Speaker 4: worked on a whole bunch of things. So anyway, I
Speaker 4: I knew I had a lot of stuff I had.
Speaker 4: It's funny I used what I had creatively and it
Speaker 4: probably looked like I had a lot more than I had. Okay,
Speaker 4: but I'm not meticulous. I other than my wife, you know,
Speaker 4: hating the fact that I hold on to every cassette
Speaker 4: recording that I've ever made. Yeah, and she's like, you know,
Speaker 4: I move this box around and she's like, can we
Speaker 4: get rid of that? And I'm like, no, so it
Speaker 4: I don't. I don't. I don't usually keep all that
Speaker 4: Oh I have that stuff. Everybody has a scrap book
Speaker 4: of things, features and things.
Speaker 1: You got to keep some sort of an archive.
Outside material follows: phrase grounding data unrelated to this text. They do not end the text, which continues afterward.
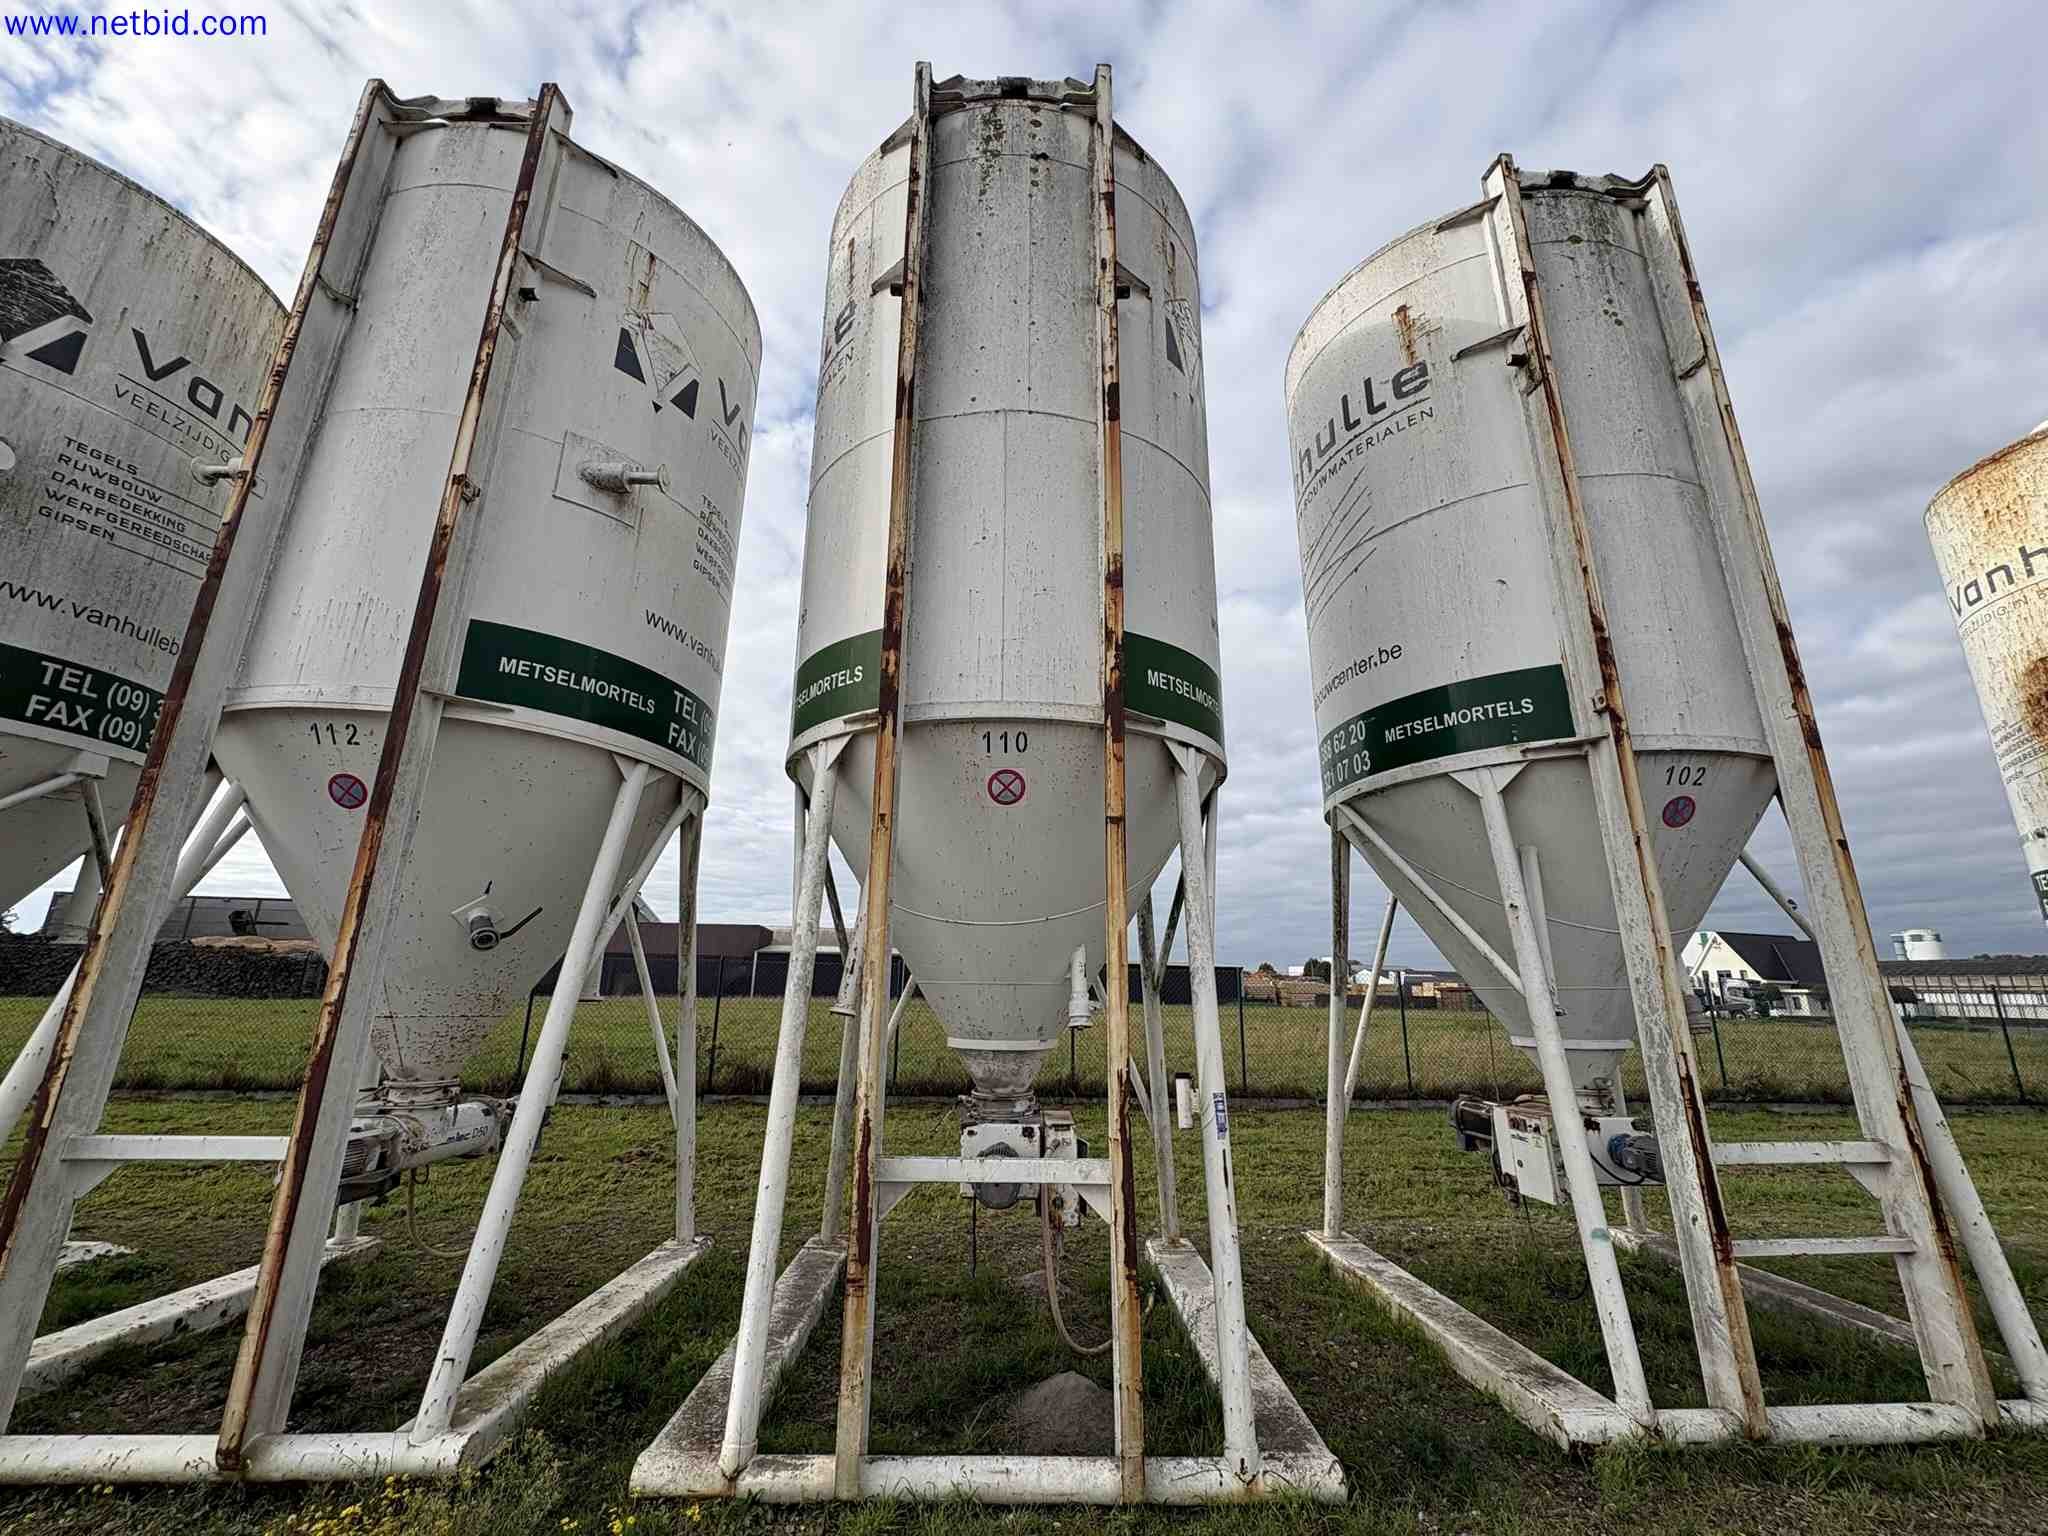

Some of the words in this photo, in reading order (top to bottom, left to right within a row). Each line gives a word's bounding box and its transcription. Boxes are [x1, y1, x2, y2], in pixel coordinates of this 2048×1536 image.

[64, 436, 139, 475] TEGELS
[57, 453, 162, 503] RUWBOUW
[51, 471, 187, 533] DAKBEDEKKING
[38, 505, 116, 541] GIPSEN
[40, 660, 98, 698] TEL
[107, 682, 150, 718] (09)
[498, 656, 656, 714] METSELMORTELS
[25, 694, 95, 731] FAX
[98, 713, 142, 749] (09)
[674, 690, 698, 725] TEL
[1385, 698, 1534, 743] METSELMORTELS
[311, 722, 360, 745] 112
[668, 721, 697, 758] FAX
[982, 730, 1028, 753] 110
[1349, 720, 1366, 745] 20
[1353, 750, 1371, 774] 03
[1666, 765, 1706, 786] 102
Speaker 4: Yeah. So the funny thing was there was one So no,
Speaker 4: I don't have a lot. I have a good amount
Speaker 4: I did. I couldn't imagine that this was ever going
Speaker 4: to turn into a full fledged, you know, documentary film, right,
Speaker 4: but there was one thing I wanted so right, you
Speaker 4: had sent me, like the nice thing is you record
Speaker 4: these interviews, right, so I and you sent that to
Speaker 4: me and I went, I know I have this somewhere
Speaker 4: and I listened to them, and I wanted to include
Speaker 4: so much more, but then I decided to look, let's
Speaker 4: just put in like some some radio introductions and things
Speaker 4: here and then and then I had found one that
Speaker 4: really fit what I wanted to do. But there was
Speaker 4: one clip that I said, this is so important because
Speaker 4: in the duo Johnny whatever I was in, which we
Speaker 4: were at the time on the cusp of some really
Speaker 4: great things, and we had played so much. It was
Speaker 4: a unique thing.
Speaker 2: It was.
Speaker 4: We had a song on the radio all over the place,
Speaker 4: and then Kiss went Away in Boston picked it up
Speaker 4: one night and we were like, what but they I don't.
Speaker 4: They called me. They called me up and said, hey,
Speaker 4: is this Sean And I went yeah, and they said, well,
Speaker 4: we have your the song Goodbye in front of us
Speaker 4: and we're about to put it on our new music spotlight.
Speaker 4: I went, what, like, this is a if you're a musician.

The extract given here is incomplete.